Waterloo allusions, so common in political discourse during the 1830s, diminished in frequency as the Duke assumed a lower political profile. The one notable exception was the issue of free trade. The Manchester Times would facetiously dub its London namesake ‘the Blücher of the press’ for having converted to the cause only when the battle was ‘well nigh won’. The Conservative Party, though, was popularly presumed to have pledged itself to upholding the Corn Laws at the 1841 election. Sir John Tyrell, MP for North Essex, told electors that he knew from private sources that Wellington was prouder of his part in framing the Corn Laws than he was of Waterloo.426 His sources would fail him. Peel, in face of pressure from Cobden’s Anti-Corn Law League and the humanitarian crisis triggered by the failure of the 1845 Irish potato crop, decided that the Corn Laws must go. Tyrell assured fellow Protectionists at Chelmsford in December 1845 that though Peel had deserted them, Wellington would not. They could have the same confidence in him that his men had when winning at Waterloo. Tyrell was not alone in calling on the Duke to lead. Wellingt
on, it is true, was unconvinced by the merits of free trade. But he did admire Peel’s determination to provide strong government and thus ‘he set about doing his duty, and preparing for battle’. Without Wellington’s support, the House of Lords may well have rejected the Repeal measure. Once more a constitutional clash was averted. It was a final political victory. When Peel’s government fell in June 1846, Wellington effectively retired from politics.427
Wellington’s part in helping resolve the crisis over the Corn Laws contributed to the ongoing ‘softening’ of his public image that is apparent from the late 1830s onwards. Punch, the satirical magazine that first appeared in 1841, also played a significant part in it. Gentler in the treatment of its subjects than political caricaturists of the previous generation, Wellington’s hooked nose made him irresistible to that periodical’s cartoonists. Punch was also responsible for popularising the ‘Iron Duke’ sobriquet, one of the many names he was being called by 1838.428 Increasingly, it was meant respectfully, denoting the perceived Wellingtonian virtues of determination and resolution; not the competing connotations of a cold and uncaring figure.
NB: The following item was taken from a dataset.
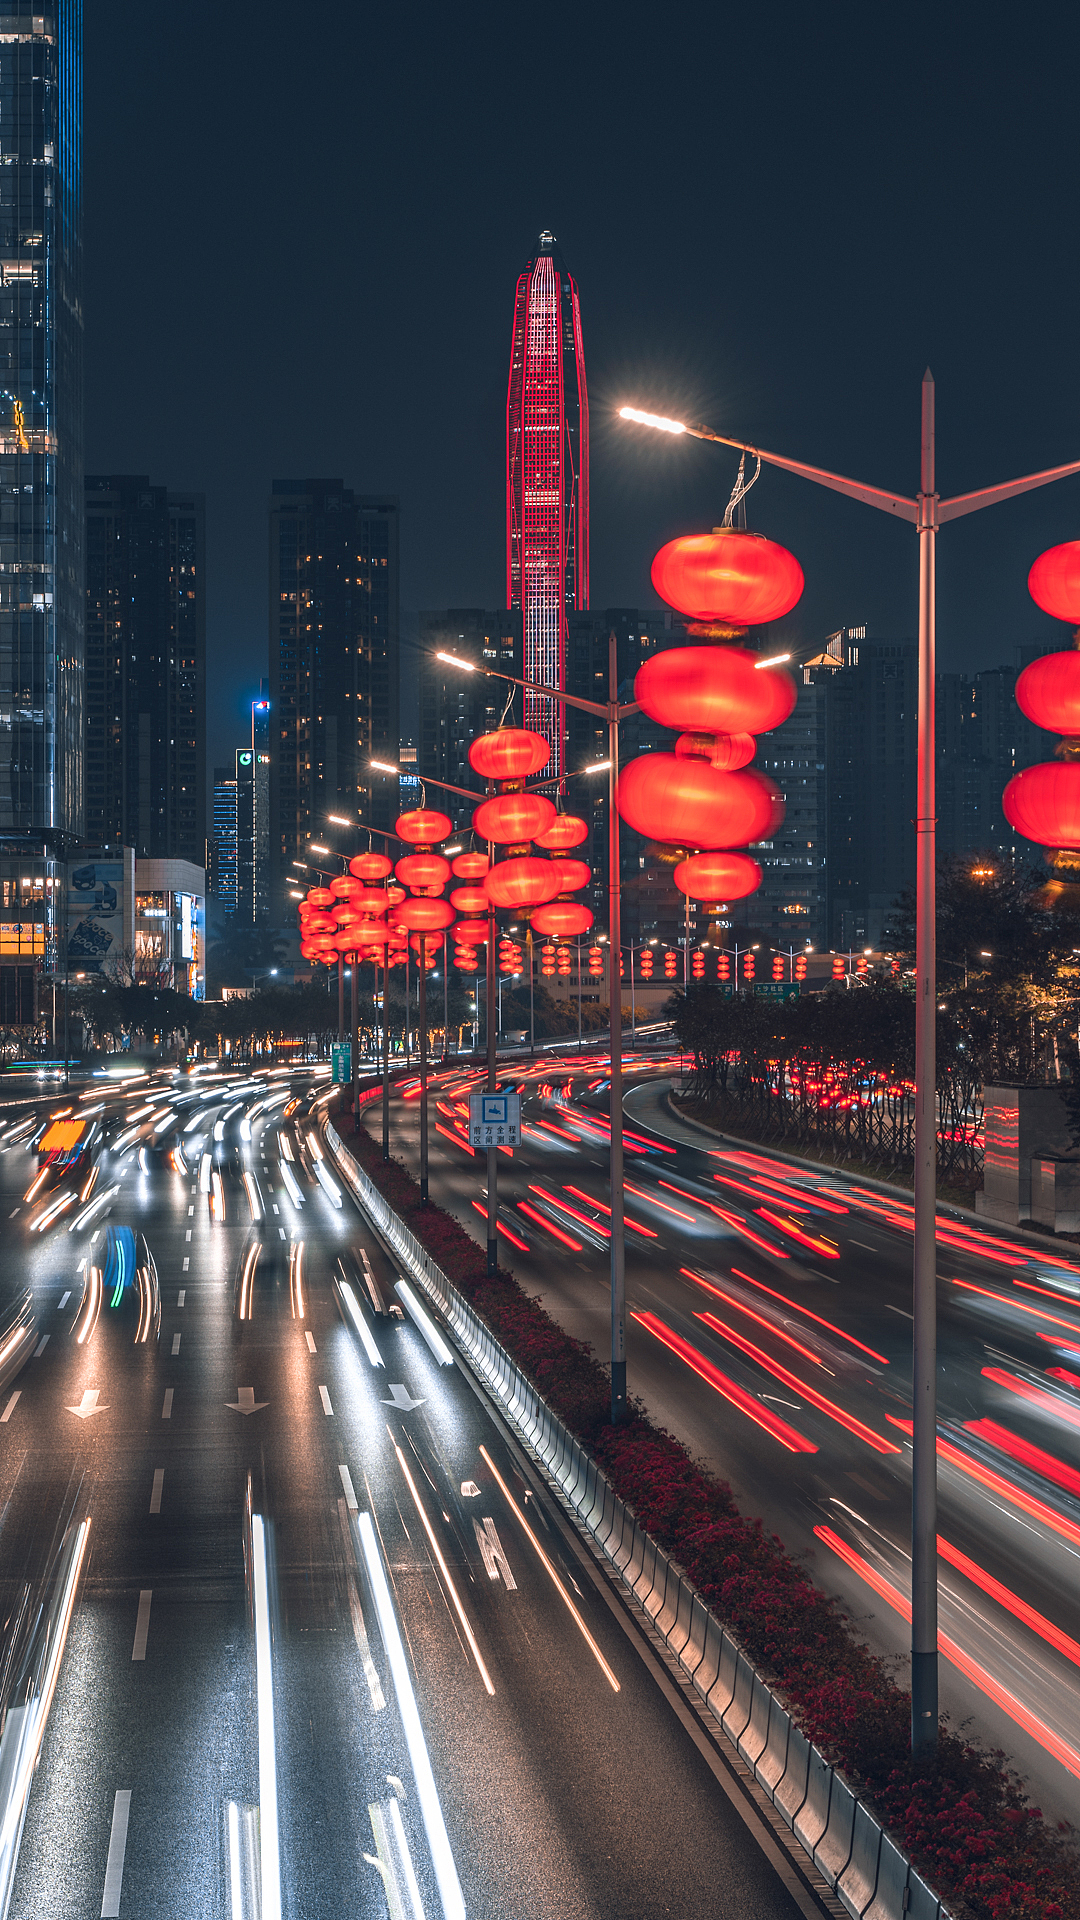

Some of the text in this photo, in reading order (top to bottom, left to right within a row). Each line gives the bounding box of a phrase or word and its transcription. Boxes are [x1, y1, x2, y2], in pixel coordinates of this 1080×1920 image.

Punch, like others, further delighted in reproducing (and mimicking) the Duke’s famously terse – and often amusing – replies to correspondents. For all that he complained about his voluminous postbag, Wellington seems to have been more or less addicted to answering the myriad of inquiries that reached him. In 1846 one newspaper included Wellington’s ostensible views on marriage, corns and lotteries. On the latter:
F. M. Duke of Wellington presents his compliments to Messrs. Heine, and in answer to their letter, never dabbles in lotteries. He thinks them a swindle upon the public, and begs they may send him no more letters. As for the prizes, he never won one, and never heard of anybody who did. They are a fiction – a snare – a take-in.